Introduction Early childhood is a critical time when the benefits of early interventions are intensified, and the adverse effects of risk can be reduced. For the optimal provision of early intervention, professionals in the field are required to have specialised knowledge and skills in implementing these programmes. In the context of South Africa, there is evidence to suggest that therapists are ill-prepared to handle the unique challenges posed in neonatal intensive care units and wards with at-risk infants in the first few weeks of life. This is attributed to several reasons; however, irrespective of the causative factors, the need to bridge this knowledge-to-practice gap remains essential.

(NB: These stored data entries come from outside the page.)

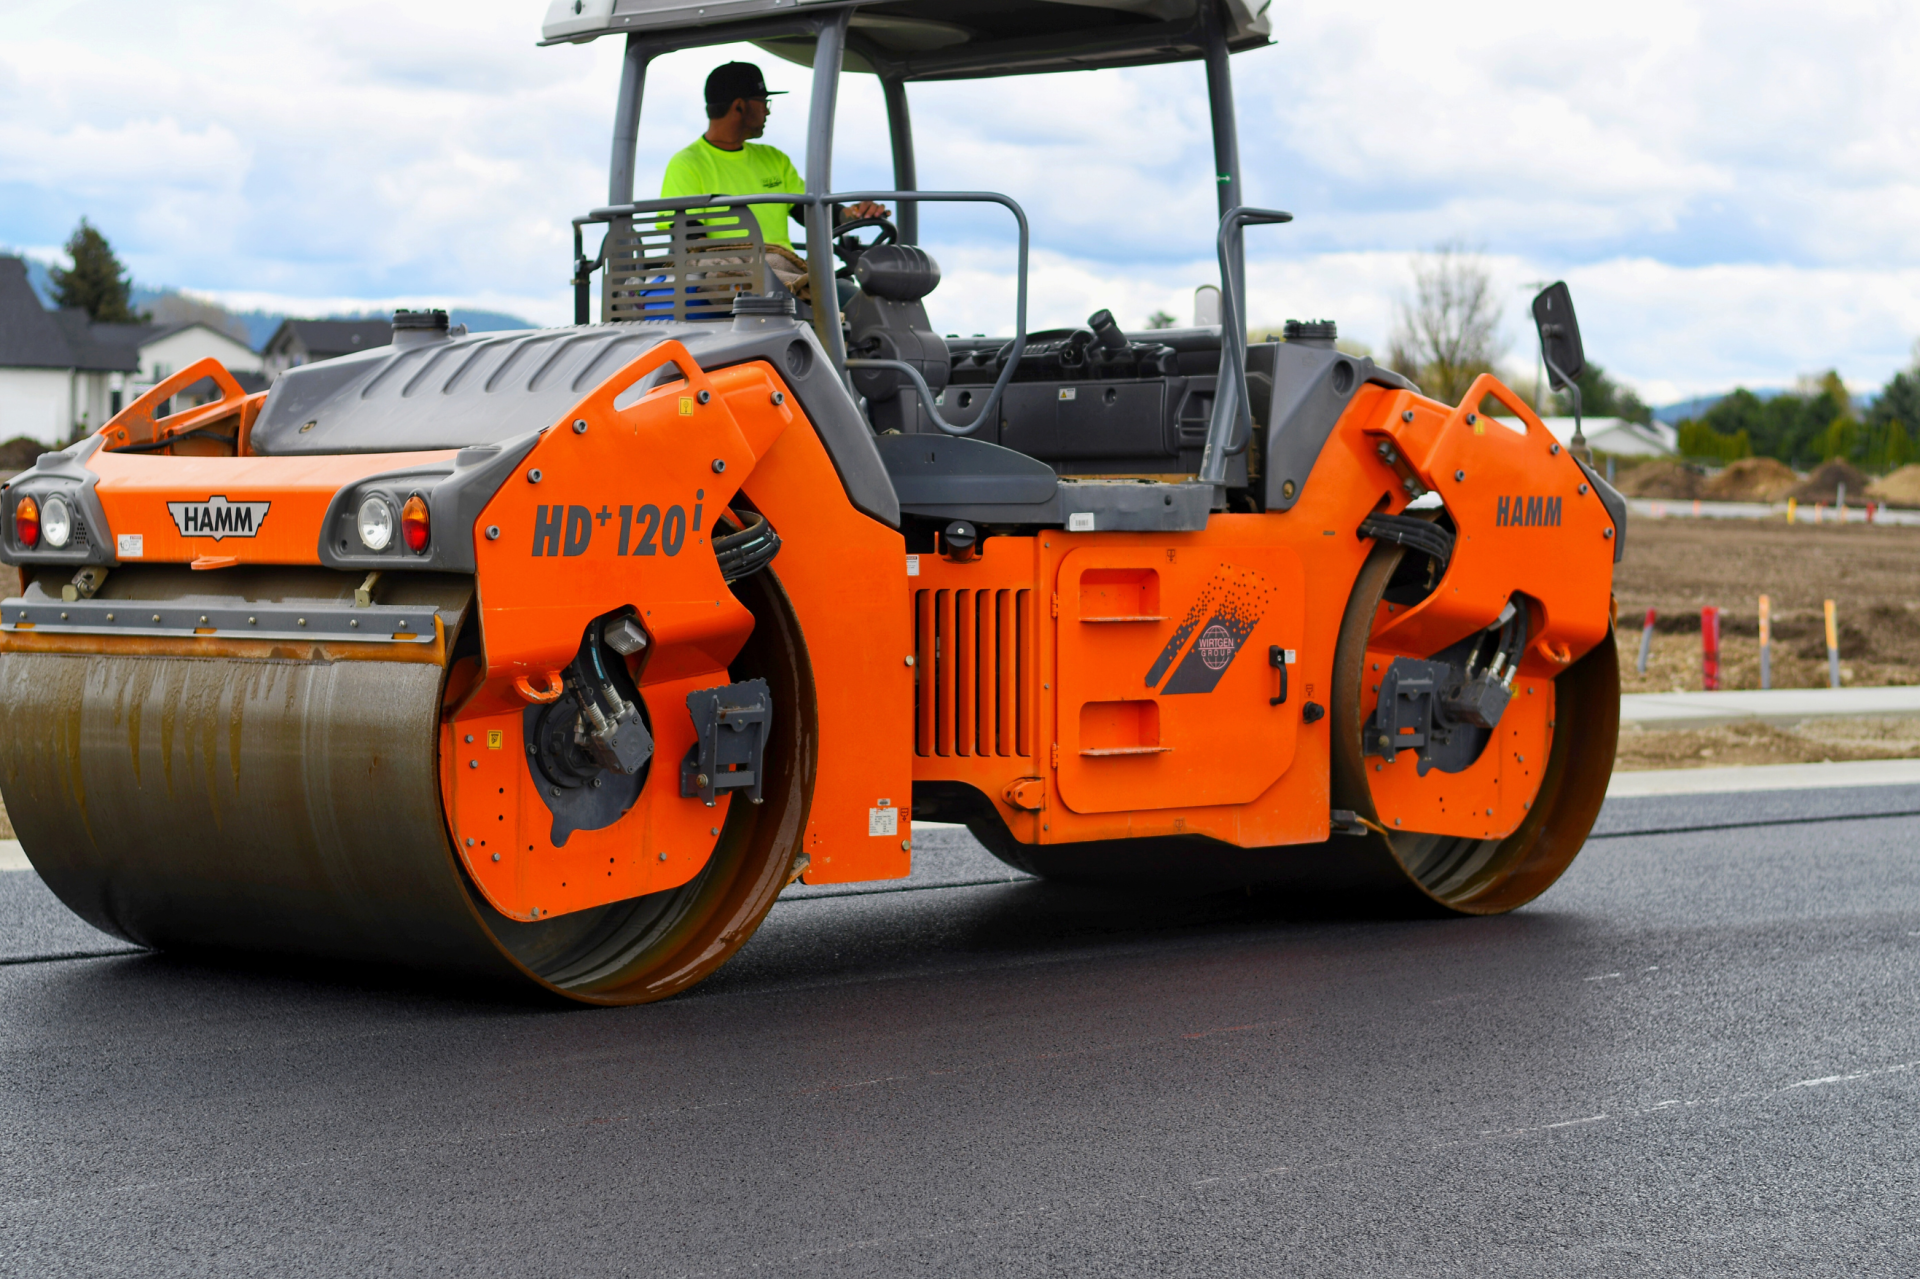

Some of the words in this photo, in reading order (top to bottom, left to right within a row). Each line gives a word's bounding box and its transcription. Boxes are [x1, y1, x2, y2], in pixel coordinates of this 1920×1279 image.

[184, 506, 253, 532] HAMM
[1496, 495, 1562, 527] HAMM
[1199, 638, 1234, 648] WIRTGEN
[1201, 649, 1231, 657] GROUP
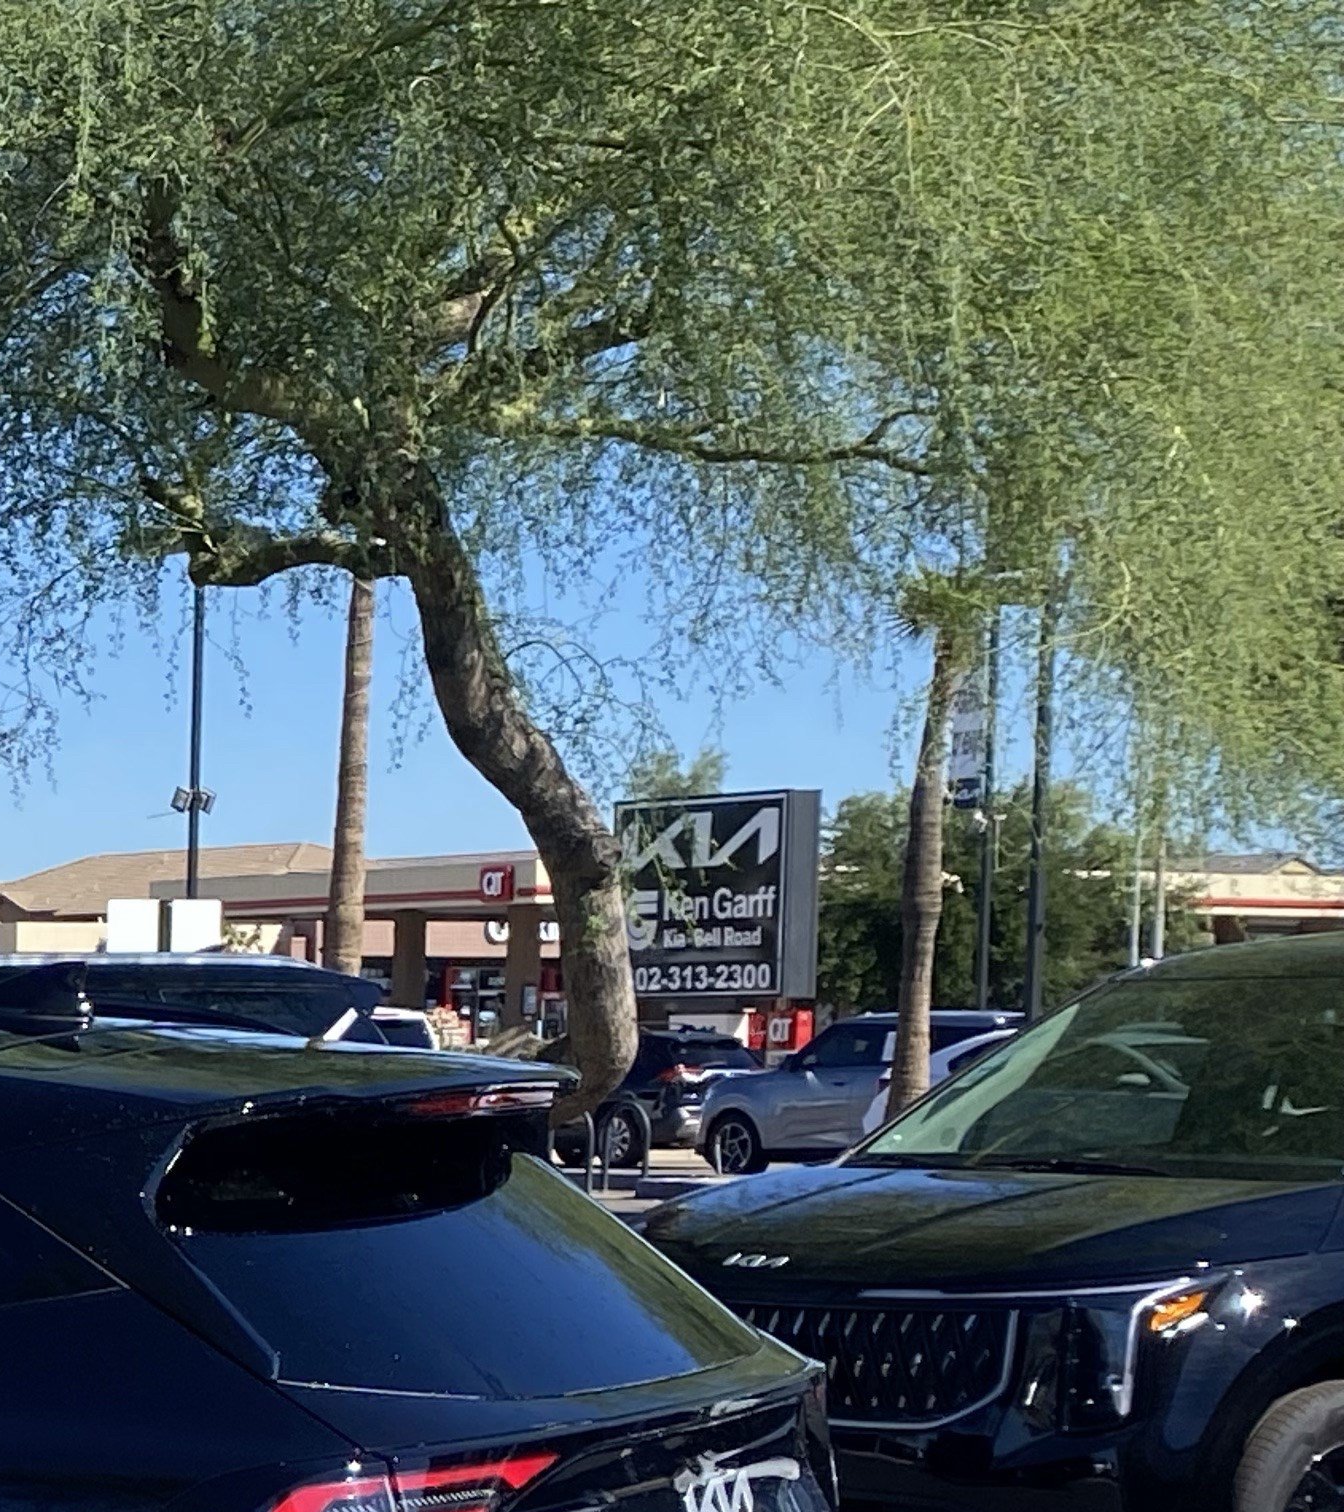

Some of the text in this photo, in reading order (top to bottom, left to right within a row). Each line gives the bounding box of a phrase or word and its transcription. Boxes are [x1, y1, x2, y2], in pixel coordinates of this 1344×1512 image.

[623, 807, 780, 869] KIA
[663, 885, 776, 921] Ken Garff
[724, 925, 762, 946] Road
[635, 963, 771, 991] 02-313-2300
[722, 1252, 790, 1269] KIA
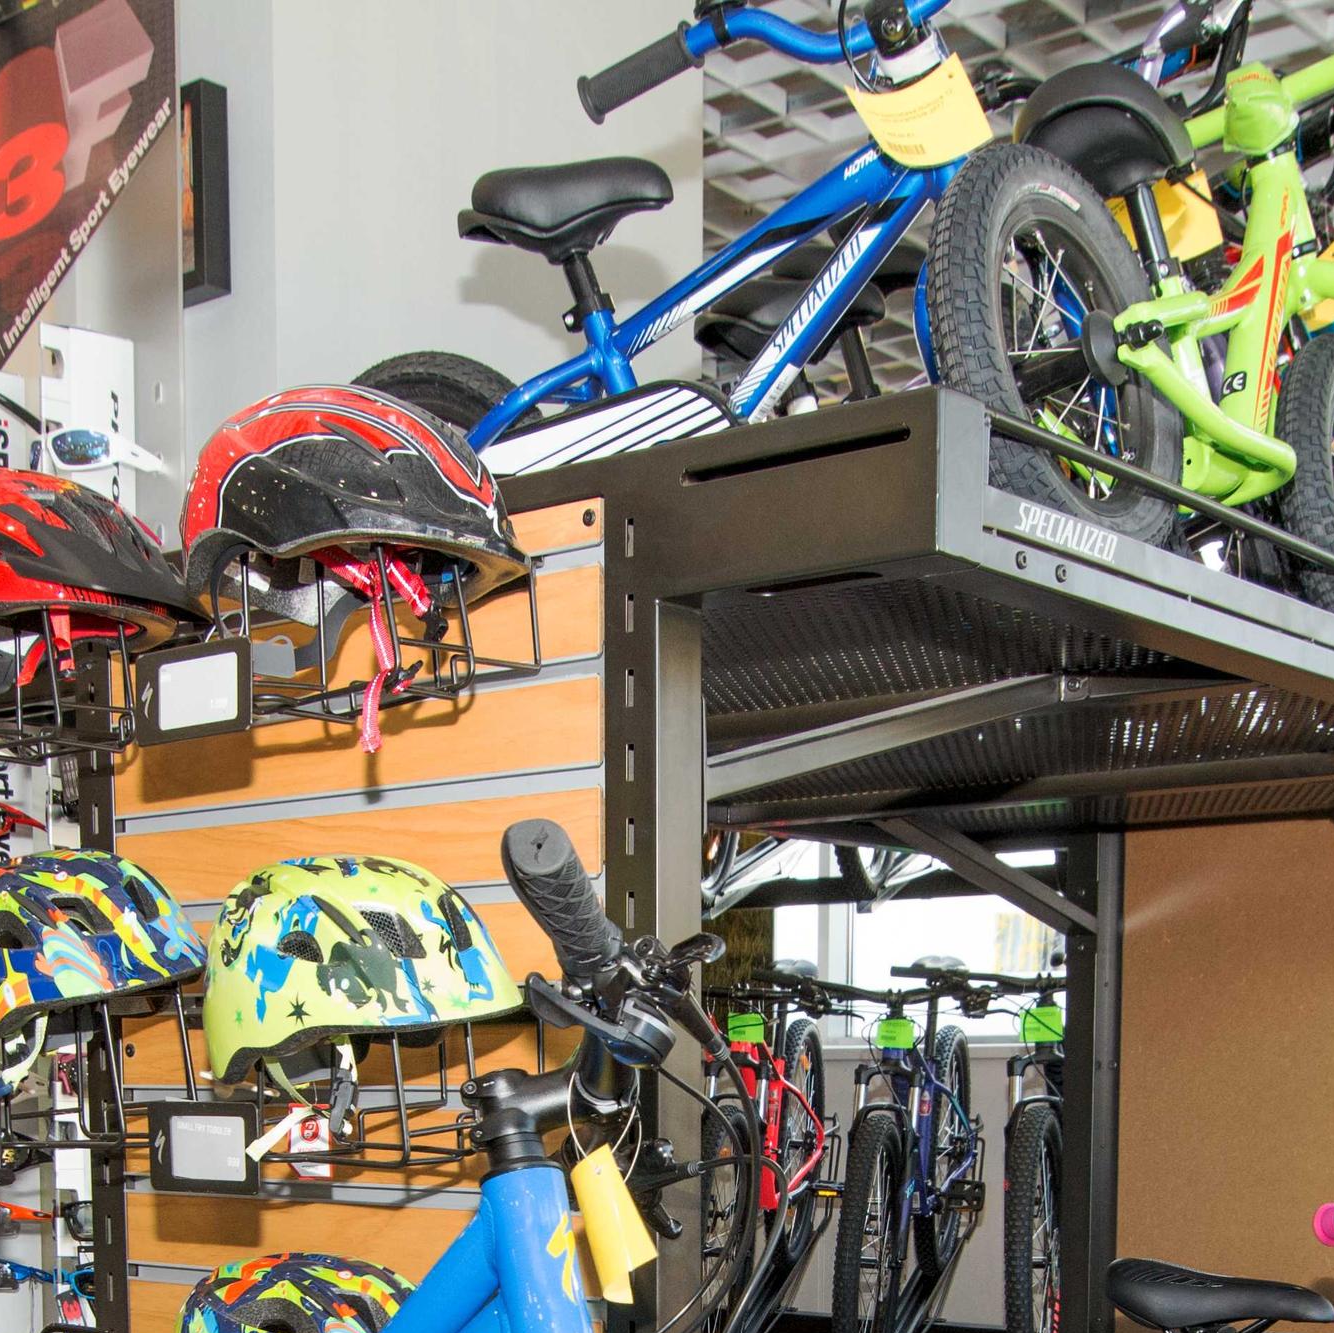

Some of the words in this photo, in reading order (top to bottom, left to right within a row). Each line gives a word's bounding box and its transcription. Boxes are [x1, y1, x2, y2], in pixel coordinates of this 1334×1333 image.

[3, 248, 71, 350] Intelligent
[69, 189, 111, 254] Sport
[107, 97, 172, 196] Eyewear
[772, 233, 863, 355] SPECIALIZED
[1014, 502, 1118, 562] SPECIALIZED
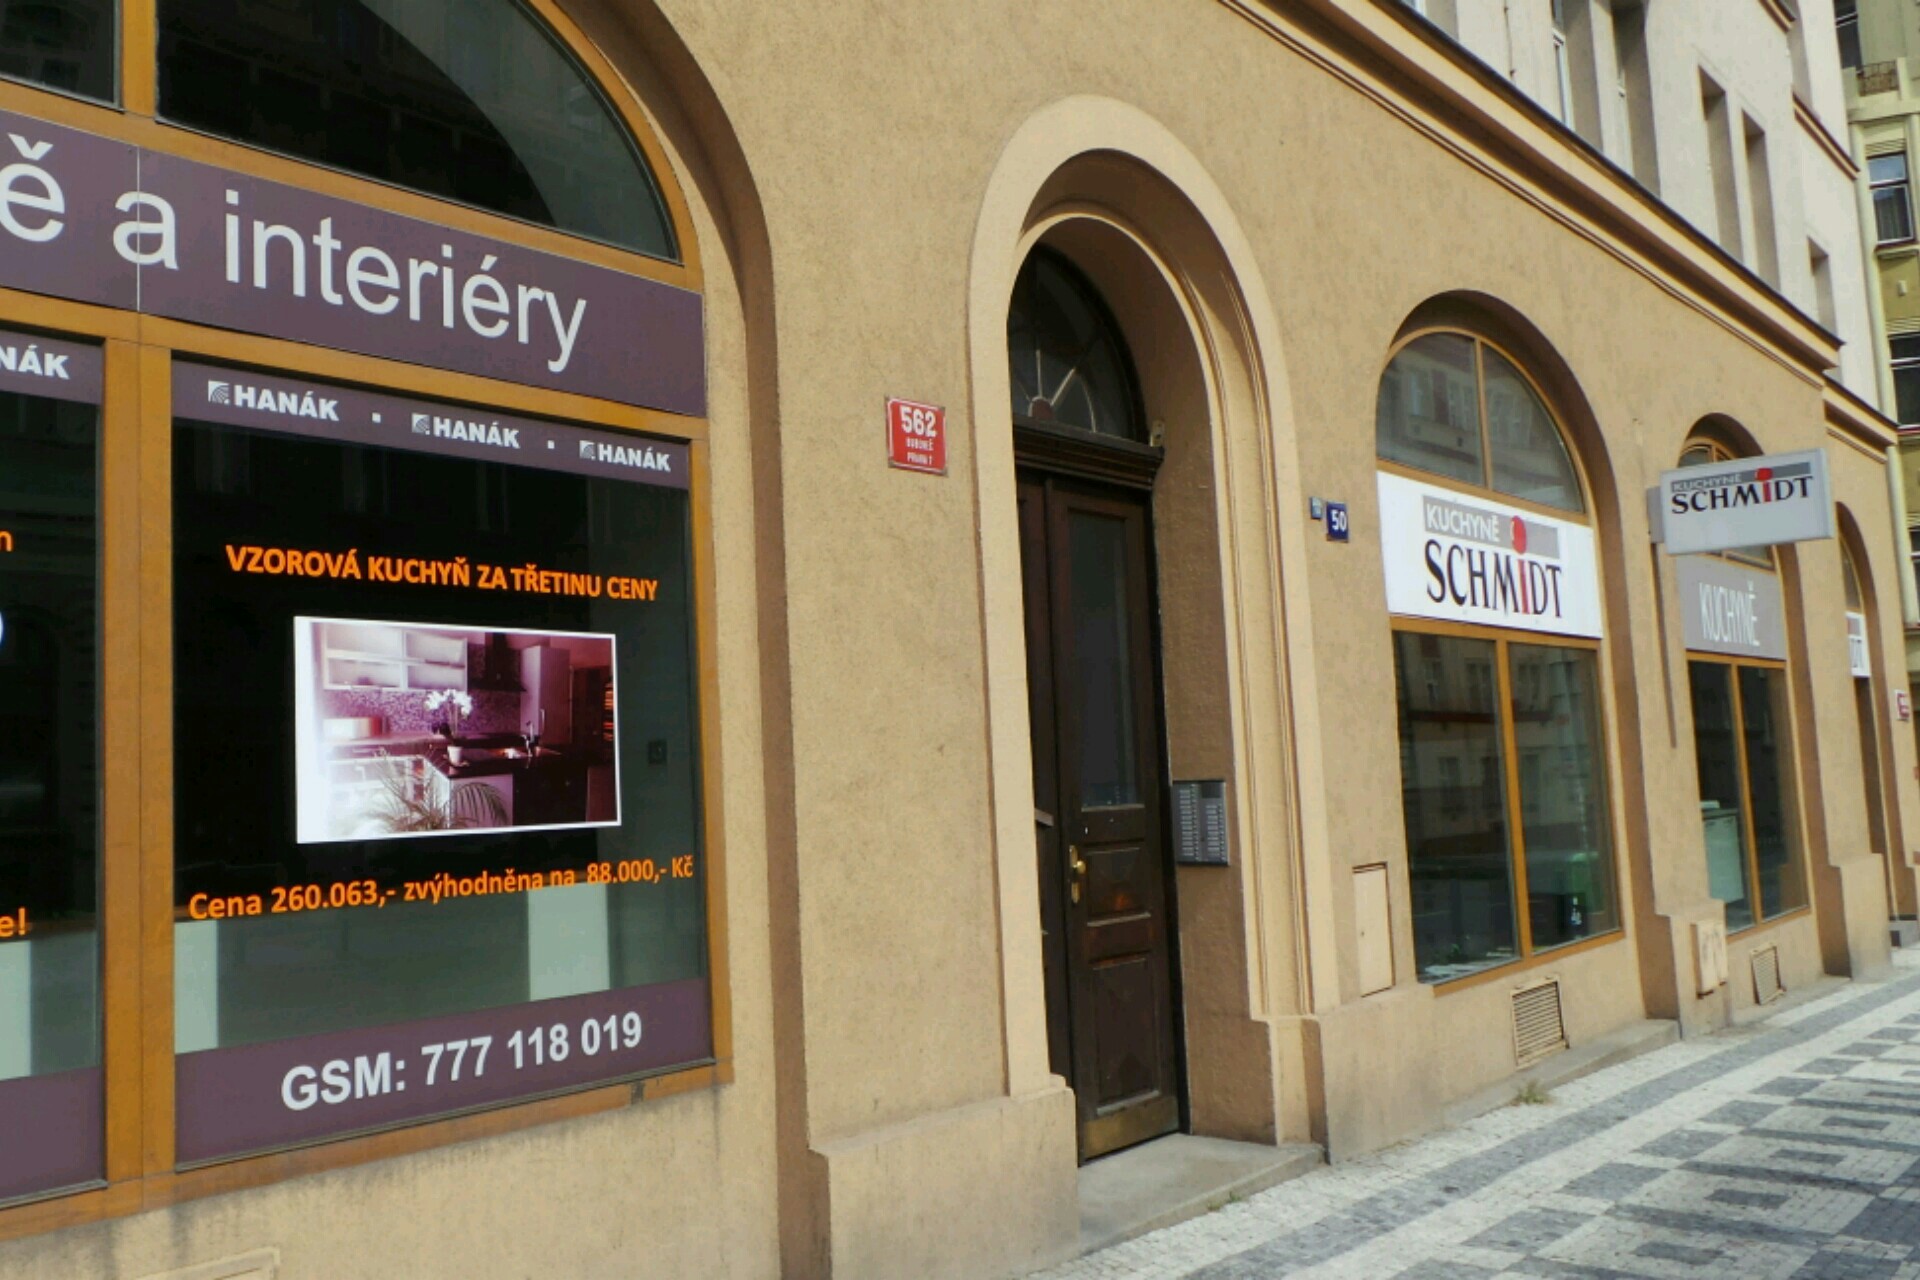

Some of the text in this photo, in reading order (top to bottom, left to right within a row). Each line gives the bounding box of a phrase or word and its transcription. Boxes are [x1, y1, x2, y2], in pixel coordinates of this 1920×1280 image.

Methods and analysis This study is a multimethod stakeholder-driven study using a scoping review followed by an appreciative inquiry and Delphi process that will aid in the development, implementation and evaluation of a knowledge translation intervention to bridge knowledge-gaps in occupational and physiotherapists working in the field. Therapists currently working in the public health sector will be recruited for participation in the various stages of the study. The analysis will occur via thematic analysis for qualitative data and percentages and frequencies for descriptive quantitative data. Issues around trustworthiness and rigour, and reliability and validity, will be ensured within each of the phases, by use of a content validity index and inter-rater reliability for the Delphi survey; thick descriptions, peer debriefing, member checking and an audit trail for the qualitative data.

Ethics and dissemination The study has received full ethical approval from the Health Research and Knowledge Management Directorate of the Department of Health and a Biomedical Research Ethics Committee. The results will be published in peer-reviewed academic journals and disseminated to the relevant stakeholders within this study.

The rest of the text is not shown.